なお、配偶者控除の対象となる配偶者は、配偶者の合計所得金額が48万円以下(給与収入のみなら103万円以下)等とされていますが、これは控除の「判定基準」であり、控除額そのものとは異なります。どちらが有利かは給与額や事業規模によって変わります。個別の比較は税理士への相談や会計ソフトの税額シミュレーション機能を活用し、ご自身の状況で試算することをおすすめします。詳細・最新は国税庁でご確認ください。
毎月の給与支払いと源泉徴収の流れ
専従者給与は給与所得として扱われるとされています。支払者(事業主)は毎月の給与から所得税を源泉徴収し、原則として支払月の翌月10日までに所轄の税務署へ納付する必要があるとされています。
源泉徴収の対象や考え方については個人事業主の源泉徴収を解説した記事もあわせてご参照ください。具体的な税額表・計算方法は国税庁でご確認ください。
納期の特例を利用する場合
給与を支払う人数(専従者を含む)が常時10人未満の場合、「源泉所得税の納期の特例」の承認を受けることで、1〜6月分を7月10日まで、7〜12月分を翌年1月20日までの年2回にまとめて納付できる場合があるとされています。利用するには「源泉所得税の納期の特例の承認に関する申請書」を税務署へ提出します。適用要件・納付期限の詳細・最新は国税庁でご確認ください。
年末調整
専従者給与を受ける配偶者・家族は給与所得者に該当するとされ、年末調整の対象になる場合があります。事業主は年末に必要な調整を行い、源泉徴収票を作成して専従者本人に交付するのが一般的です。手続きの詳細は国税庁でご確認ください。
帳簿への記録と証跡の保存
青色申告では、正規の簿記の原則に基づいた帳簿記帳が求められるとされています。専従者給与は「給与賃金」などの勘定科目で毎月記帳し、給与明細・出勤記録・業務日誌などを保存しておくと、確認や調査の際の根拠として役立つと考えられます。帳簿づけの基本は帳簿の書き方を解説した記事もあわせてご覧ください。
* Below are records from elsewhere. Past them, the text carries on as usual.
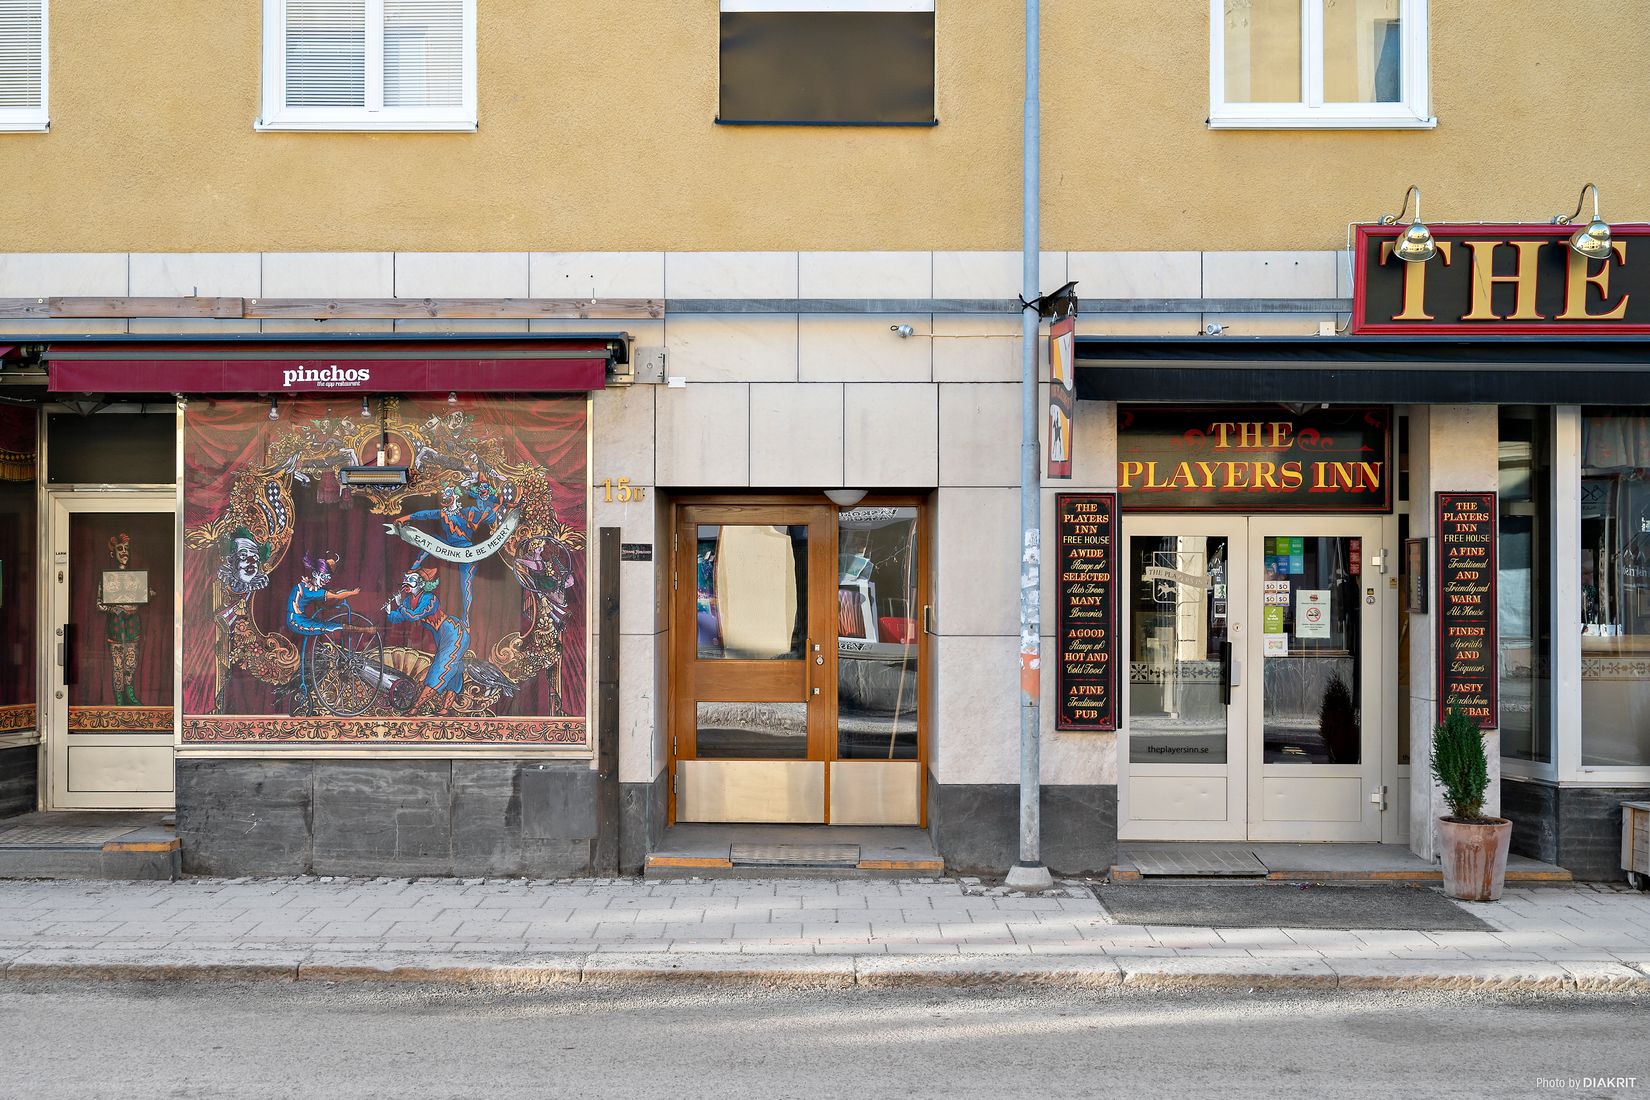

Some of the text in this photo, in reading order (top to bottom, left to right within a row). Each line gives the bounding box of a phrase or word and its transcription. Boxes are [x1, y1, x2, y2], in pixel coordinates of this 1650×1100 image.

[1380, 240, 1629, 320] THE
[283, 365, 370, 387] pinchos
[1209, 421, 1295, 450] THE
[1118, 460, 1384, 491] PLAYERS INN
[1075, 503, 1098, 512] THE
[1456, 502, 1478, 510] THE
[1063, 514, 1109, 523] PLAYERS
[1443, 512, 1489, 521] PLAYERS
[1074, 525, 1098, 534] INN
[1456, 523, 1478, 532] INN
[435, 545, 461, 558] DRINK
[465, 549, 474, 558] &
[476, 548, 487, 556] BE
[487, 524, 510, 550] MERRY
[1063, 535, 1110, 544] FREE HOUSE
[1444, 534, 1490, 542] FREE HOUSE
[1069, 548, 1104, 558] A WIDE
[1449, 547, 1485, 556] A FINE
[1070, 559, 1094, 572] Range
[1448, 557, 1489, 569] Traditional
[1063, 572, 1110, 581] SELECTED
[1456, 571, 1479, 580] AND
[1066, 583, 1105, 594] Ales From
[1443, 581, 1490, 595] Friendly and
[1070, 596, 1102, 606] MANY
[1450, 594, 1481, 604] WARM
[1069, 607, 1103, 618] Breweries
[1447, 605, 1484, 616] Ale House
[1068, 629, 1105, 638] A GOOD
[1448, 627, 1486, 636] FINEST
[1069, 640, 1093, 652] Range
[1064, 652, 1108, 662] HOT AND
[1456, 650, 1480, 660] AND
[1066, 663, 1106, 674] Cold Food
[1450, 661, 1485, 674] Liqueurs
[1069, 686, 1105, 695] A FINE
[1450, 683, 1484, 692] TASTY
[1068, 696, 1107, 708] Traditional
[1472, 694, 1489, 705] from
[1074, 710, 1098, 719] PUB
[1469, 707, 1490, 716] BAR
[1147, 745, 1209, 755] theplayersinn.se
会計ソフトを使うと、専従者給与の仕訳・源泉徴収の管理・年末調整に関する作業を効率化しやすくなります。機能や料金は変更される場合があるため、最新は各公式サイトでご確認ください。
- freee会計:給与関連の設定や明細作成、確定申告書類への連携などに対応しているとされています。対応範囲は公式サイトでご確認ください。
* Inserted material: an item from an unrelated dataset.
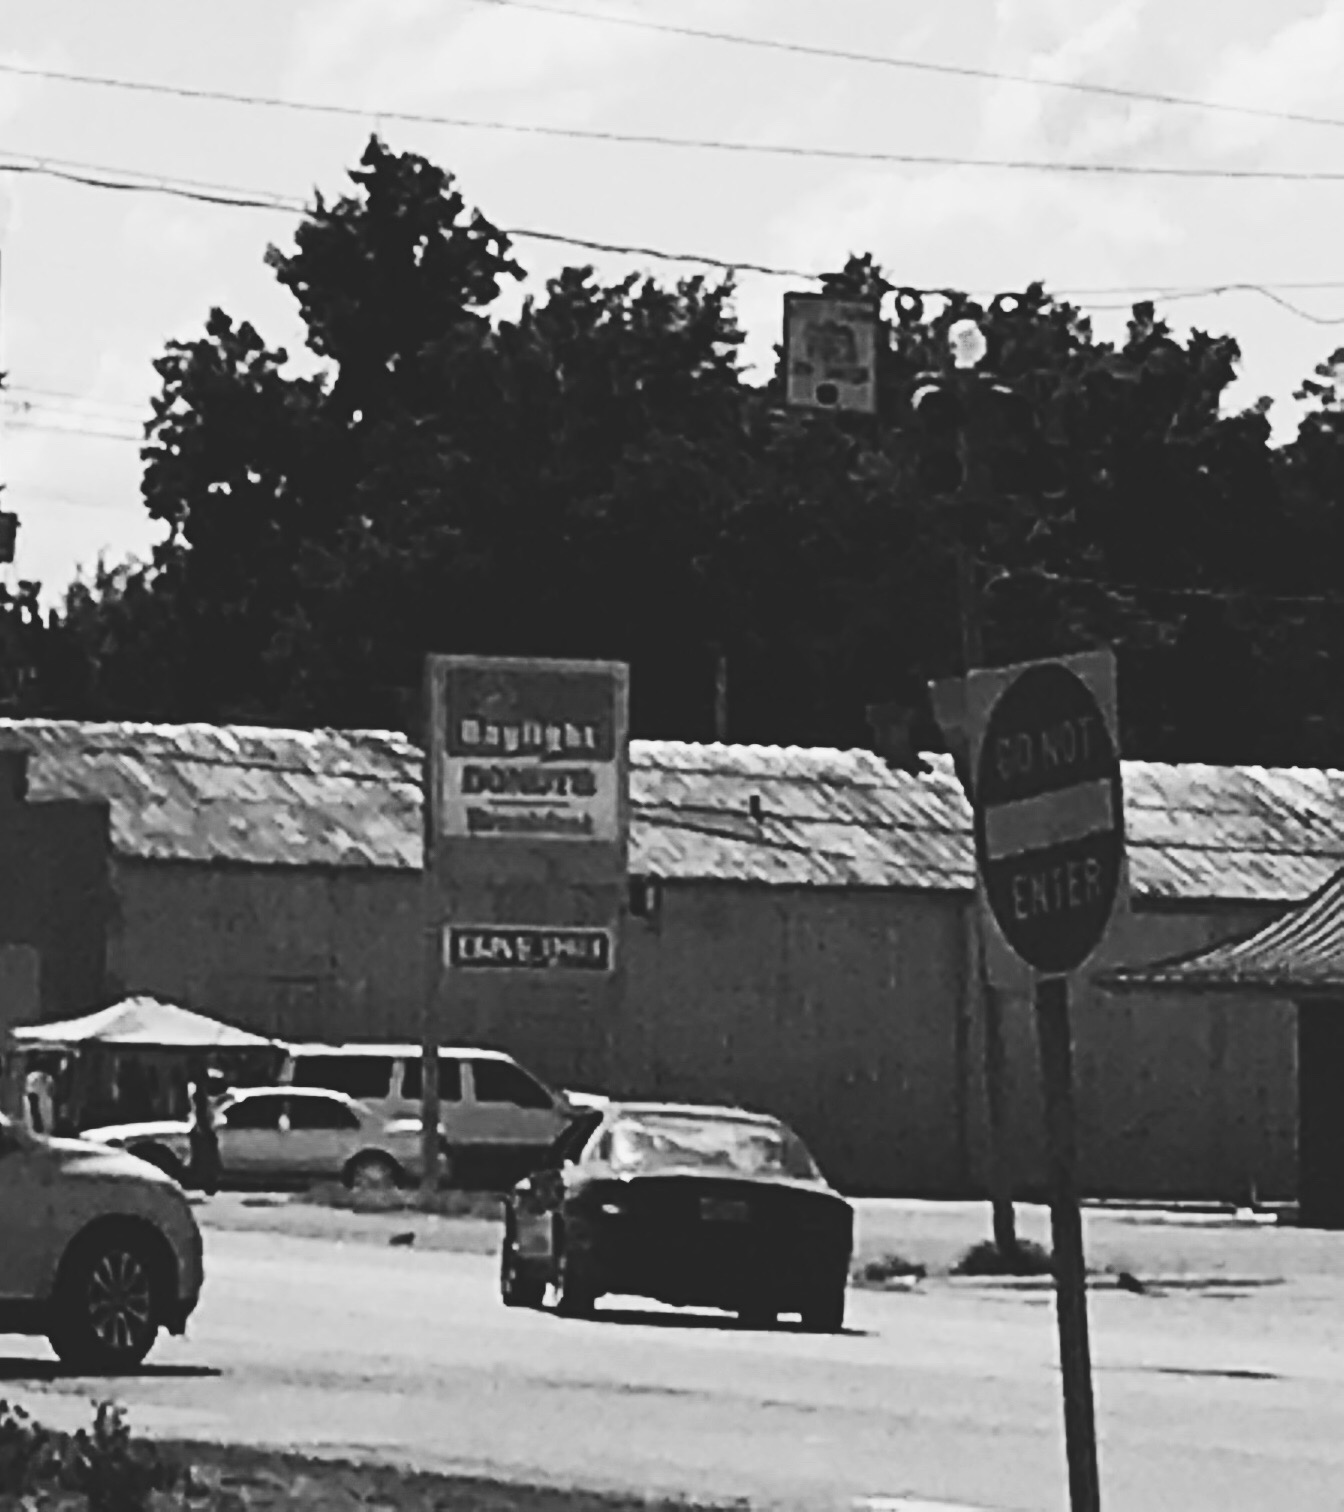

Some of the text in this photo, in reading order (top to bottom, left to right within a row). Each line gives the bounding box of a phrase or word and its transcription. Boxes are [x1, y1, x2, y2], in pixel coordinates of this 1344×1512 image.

- マネーフォワード クラウド:給与計算・勤怠・会計を連携できるシリーズ展開とされています。詳細は各公式サイトでご確認ください。
まとめ:手続きの流れを押さえる
- 「青色事業専従者給与に関する届出書」を期限内(原則3月15日まで、または開業・専従開始から2か月以内)に税務署へ提出する
- 届出書に記載した範囲内・労務の対価として相当な金額で毎月支払う
- 毎月の給与から所得税を源泉徴収し、翌月10日まで(または納期の特例の適用を受けた場合は年2回)に納付する
- 年末に年末調整を行い、源泉徴収票を交付する
- 確定申告書に専従者給与の金額を記載する
青色事業専従者給与は、事前の届出が前提となる制度です。開業直後や家族が新たに事業を手伝い始めたタイミングは期限を見落としやすいため、早めに確認しておくとよいでしょう。制度の詳細・最新情報は必ず国税庁の公式サイトでご確認ください。